A Lei da Promoção da Unidade Étnica e do Progresso passou a vigorar na China no dia 1º de agosto e suas diretrizes geram apreensão entre grupos de defesa dos direitos humanos. A norma proíbe ações que possam "minar a Unidade Étnica ou criar divisões étnicas", o que levanta preocupações, especialmente considerando o histórico de repressão do governo chinês a minorias como uigures e tibetanos.
Além de proibir atos que possam comprometer a coesão étnica, a legislação determina que o mandarim deve ser a língua principal em escolas e instituições governamentais. O currículo educacional deverá também "forjar um forte senso de comunidade do povo chinês", enquanto os pais são obrigados a ensinar seus filhos a "amar o Partido Comunista Chinês e o povo chinês".
Sarah Brooks, diretora regional adjunta da Anistia Internacional, destacou em um comunicado que as autoridades chinesas têm a responsabilidade de proteger os direitos das comunidades minoritárias e suas culturas.

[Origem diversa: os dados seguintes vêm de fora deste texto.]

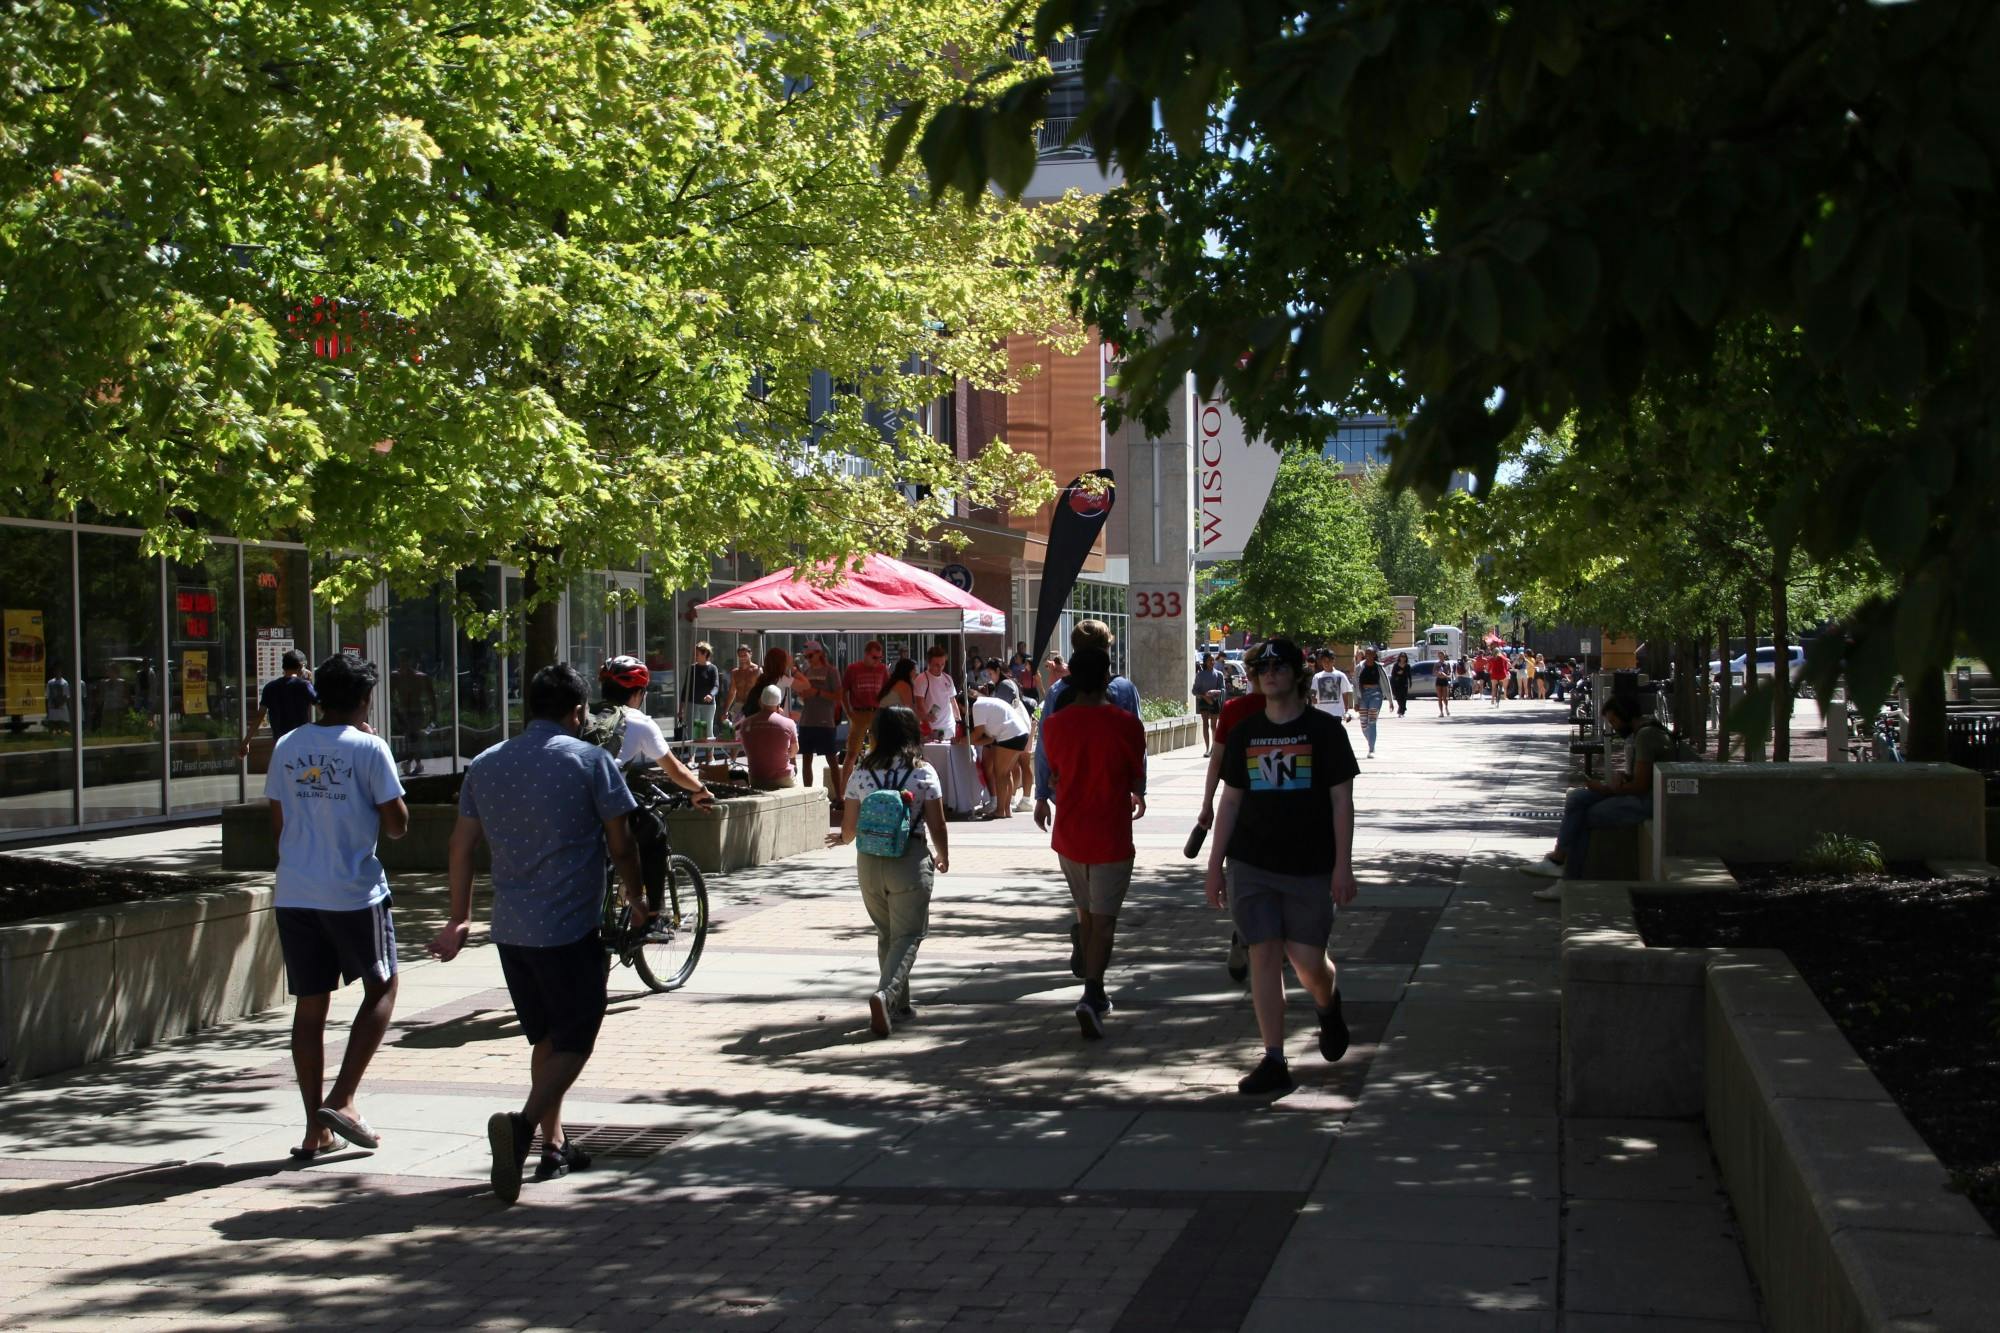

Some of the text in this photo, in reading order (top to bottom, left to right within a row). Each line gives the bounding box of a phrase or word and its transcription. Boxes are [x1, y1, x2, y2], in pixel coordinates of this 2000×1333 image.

[1202, 397, 1222, 549] WISCO
[1135, 592, 1182, 618] 333
[1250, 736, 1297, 745] NINTENDO

Contudo, a nova lei parece ir em sentido oposto, buscando uniformizar a identidade nacional em uma moldura definida pelo Estado, dominada pela cultura Han, que representa mais de 90% da população da China.

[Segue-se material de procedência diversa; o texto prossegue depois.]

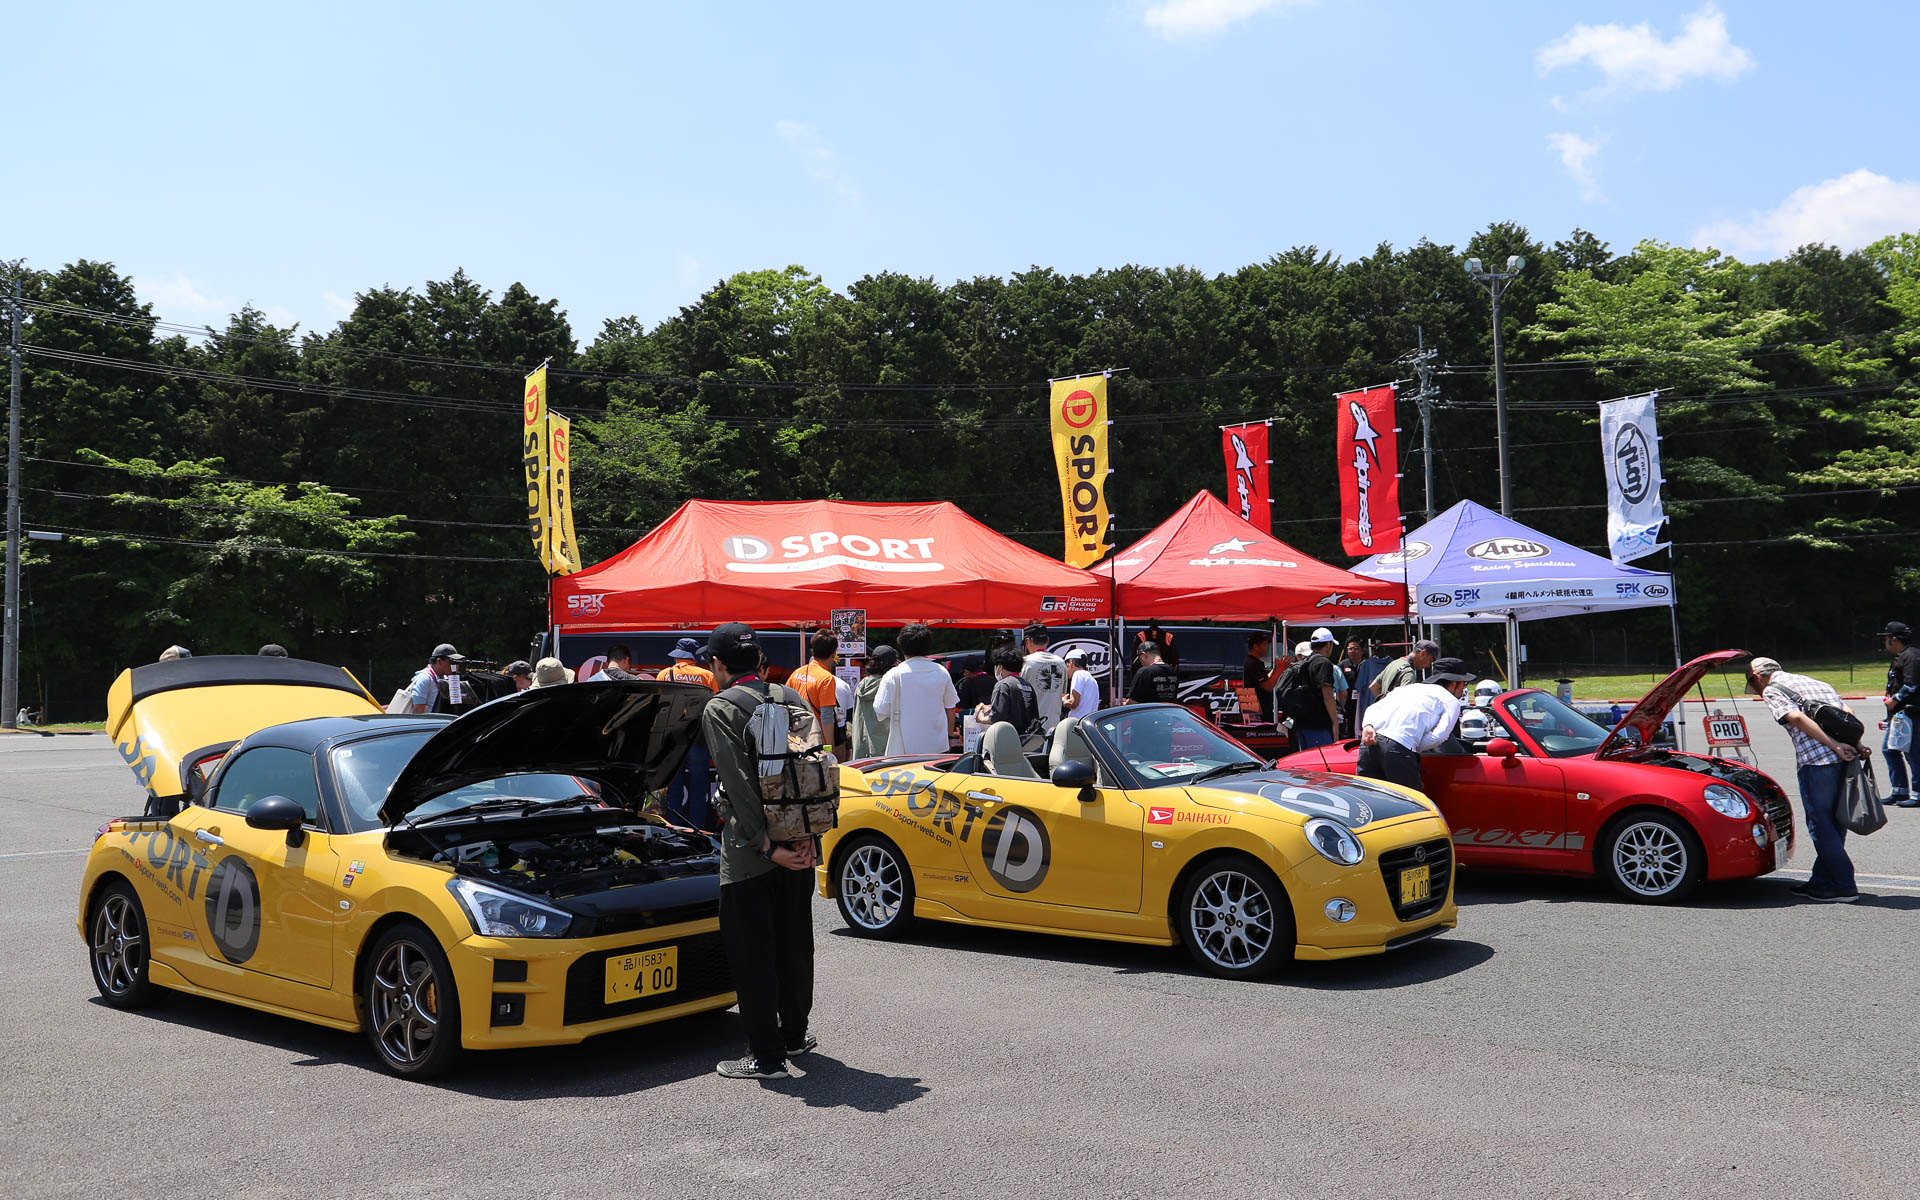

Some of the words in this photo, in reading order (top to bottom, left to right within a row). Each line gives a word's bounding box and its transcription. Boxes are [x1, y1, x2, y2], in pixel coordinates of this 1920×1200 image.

[1617, 426, 1643, 495] Arai
[781, 531, 935, 560] SPORT
[1477, 541, 1540, 557] Arai
[1470, 563, 1513, 572] Racing
[1616, 582, 1641, 594] SPK
[1646, 586, 1667, 596] Arai
[567, 594, 606, 608] SPK
[1339, 599, 1396, 608] alpinestars
[1426, 593, 1450, 605] Arai
[1454, 588, 1481, 600] SPK
[1042, 601, 1067, 611] GR
[1713, 722, 1740, 737] PRO
[871, 769, 984, 843] SPORT
[1176, 811, 1232, 825] DAIHATSU
[121, 823, 209, 900] ORT
[954, 874, 969, 883] SPK

Brooks alertou que a noção de “unidade” promovida pela lei não se traduz em harmonia entre diferentes grupos, mas sim em um alinhamento político e ideológico com o Partido Comunista Chinês. Ela ressaltou que, ao invés de fomentar a diversidade, a lei impõe uma conformidade forçada.
Durante uma coletiva de imprensa do Conselho de Estado realizada em 24 de junho, autoridades confirmaram que a nova legislação pode ser aplicada além das fronteiras da China, o que intensifica as preocupações sobre possíveis perseguições e assédios internacionais.
A entrada em vigor da lei coincide com a celebração dos 105 anos de fundação do Partido Comunista da China. Em um discurso no Grande Palácio do Povo de Pequim, o líder do país, Xi Jinping, enfatizou a importância de manter a “pureza” da legenda do partido e a necessidade de uma “reunificação completa” com Taiwan, referindo-se a isso como uma “tarefa histórica”.